I can understand why this is on HN, but as you say this is old news to most of us in Rust. For those not in the know, Graydon left Mozilla for a startup in 2013, and IIRC began at Apple in... 2015?
Really? Why is that?
Some employers do not like employees doing things on the side without permission.
While I wouldn't say that it wasn't a systems language, I would say that it was far more focused on higher level coding than the current rust is. Which is fine IMO...the world can benefit from a new safe low level language far more than it needs a new application-level language.
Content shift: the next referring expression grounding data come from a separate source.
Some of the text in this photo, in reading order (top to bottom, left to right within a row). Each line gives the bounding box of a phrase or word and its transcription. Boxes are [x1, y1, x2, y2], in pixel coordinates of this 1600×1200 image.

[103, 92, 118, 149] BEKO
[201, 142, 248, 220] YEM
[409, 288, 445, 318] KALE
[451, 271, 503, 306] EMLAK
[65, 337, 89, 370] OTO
But for someone who really liked the early ideas of rust, swift makes a lot of sense as a substitute.
I think he would probably have preferred OCaml syntax too. Notice some of the idioms, and even the capitalization/underscore norms (UpperCamelCase for types, snake_case for functions) are very similar to OCaml. But C syntax provides a theoretical adoption benefit, so I think he was willing to deal with that.
Or possibly French sentences...
(As an aside: Surely the capitalized version of snake_case is Snake_Case, not SnakeCase. Very few languages are consistent here.)
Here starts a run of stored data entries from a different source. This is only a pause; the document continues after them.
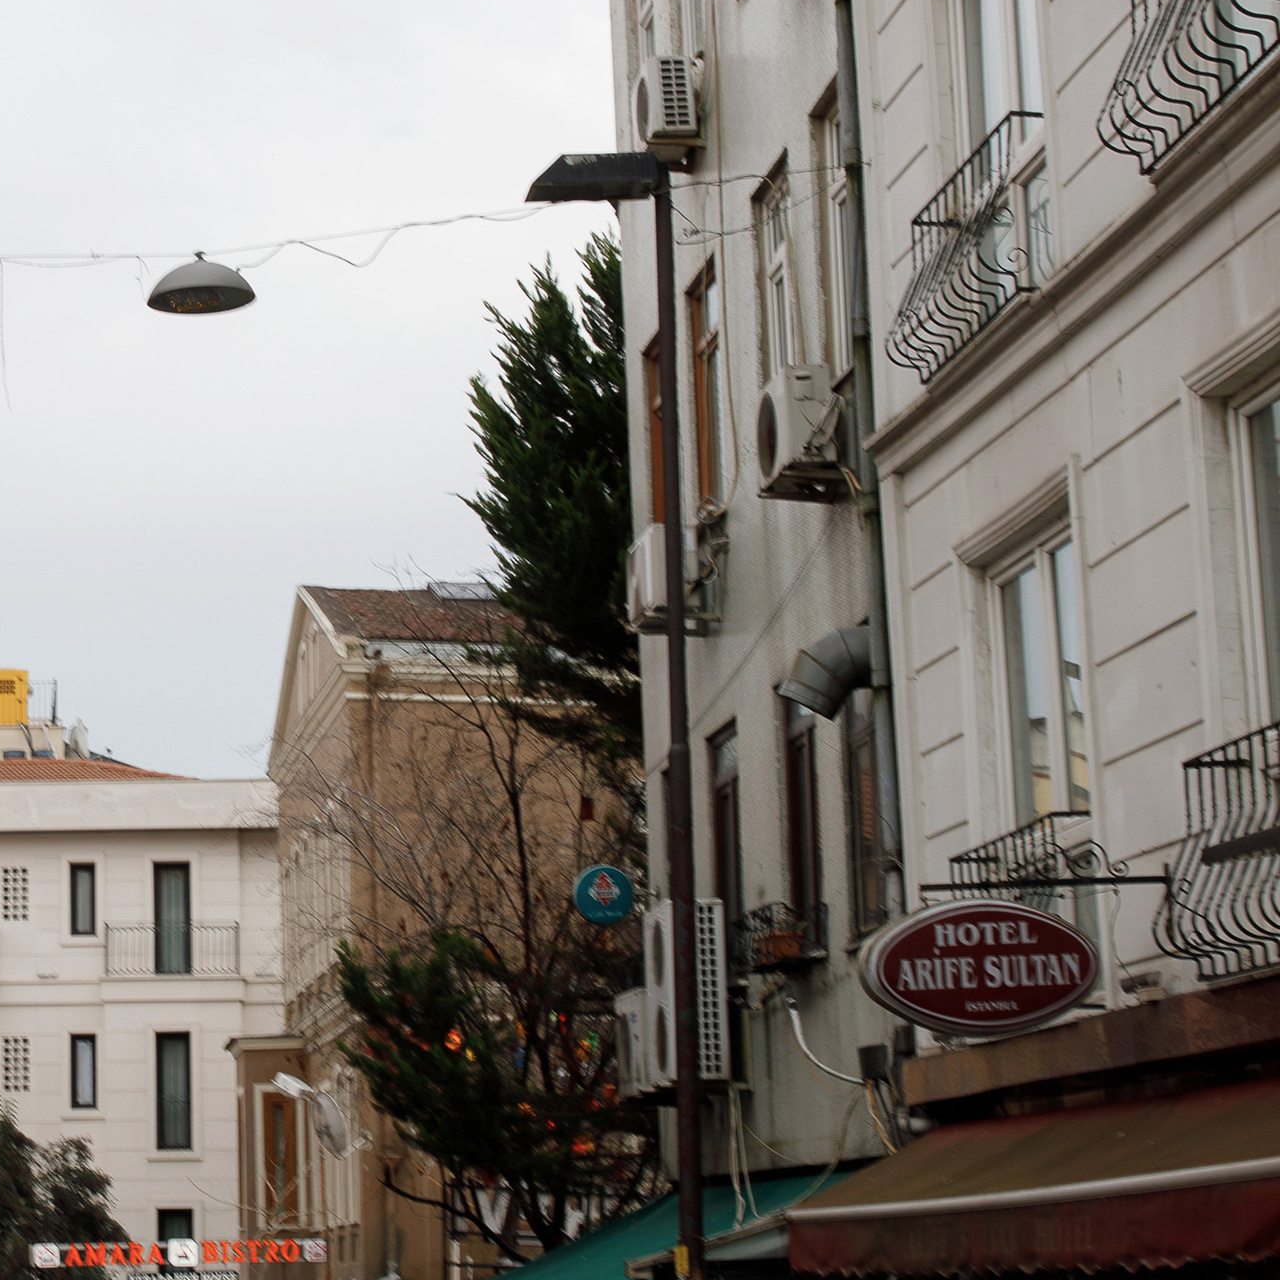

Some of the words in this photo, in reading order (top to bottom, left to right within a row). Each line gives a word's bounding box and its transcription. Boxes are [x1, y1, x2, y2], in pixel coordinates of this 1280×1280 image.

[933, 921, 1039, 947] HOTEL
[983, 954, 1082, 988] SULTAN
[1033, 1216, 1095, 1253] HOTEL
[65, 1241, 166, 1267] AMARA
[201, 1238, 301, 1265] BISTRO
Pattern matching for function heads is magical. Thus sayeth the Erlang fanboi.
This allows you to easily create special logic for corner cases and is generally extremely useful.
gcd(a, 0) = a
gcd(a, b) = gcd(b, a mod b)
gcd(A, 0) -> A;
gcd(A, B) -> gcd(B, A rem B).
I think part of the problem is that they rely too much on SourceKit, which is a rather indirect and slow way to provide basic features like syntax highlighting and auto completion. These should be built into Xcode itself. As it is now, SourceKit has to do substantial work in a short amount of time which results in frequent crashes.
The compeller's error messages could use some improvement too, I don't consider 'BAD_EXEC' to be a descriptive error at all.
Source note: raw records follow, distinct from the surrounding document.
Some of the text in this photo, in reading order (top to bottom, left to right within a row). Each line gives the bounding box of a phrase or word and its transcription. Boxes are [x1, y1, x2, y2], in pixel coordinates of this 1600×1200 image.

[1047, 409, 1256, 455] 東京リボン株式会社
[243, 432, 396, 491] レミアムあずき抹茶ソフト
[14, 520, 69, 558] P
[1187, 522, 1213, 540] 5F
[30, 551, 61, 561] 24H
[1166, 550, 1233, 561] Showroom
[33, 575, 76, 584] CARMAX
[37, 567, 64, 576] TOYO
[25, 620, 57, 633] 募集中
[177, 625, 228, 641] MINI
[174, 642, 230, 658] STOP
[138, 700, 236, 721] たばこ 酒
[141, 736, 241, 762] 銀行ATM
Those are bugs, please report them: https://bugs.swift.org
Apple will obviously improve its Mac tools. What Swift needs is great, and even better, tools for other platforms. Will Apple keep Swift wide open if it Google gives it first class support on Android, for example?
It's definitely a better language than C# after that
(EDIT: Am I incorrect that they are deprecating the things I need in Firefox, am I incorrect that I don't trust them, or am I wrong to have hope for a good outcome?)
(I am a Mozilla employee working on Rust.)
You are incorrect that Rust is coupled to Mozilla.
XUL support isn't removed yet, and the bugs and requests for feedback are open and out there. It's also possible to implement new WebExtension APIs (WebExtension Experiments) and inject them as an add-on, in order to test replacement APIs.
Most of the major addon authors have engaged there, and many already have a WebExtension port. (For those that had Chrome versions, that should be no surprise - the APIs are essentially compatible)
And there doesn't seem to be signs of awareness of the risks of destroying an add-ons platform in the Mozilla team's public representations, or in their reactions to bugs reported by some fairly significant add-on authors considering rewriting to the new API.
It's very well understood that some kinds of very invasive add-ons may no longer be possible, and Mozilla is very well aware of that - to some extent it's very much intentional as it's an essential step to improve the quality on browser upgrades and prevent the continuous breakage that exists now, as well as get some things like Sandboxing working at all. The requirements of the most popular add-ons are tracked, and bugs are filed for the missing parts. But it's not because one popular add-on author whines that he should be allowed some random invasive API hooks, that it will be added. (cough DownThemAll cough)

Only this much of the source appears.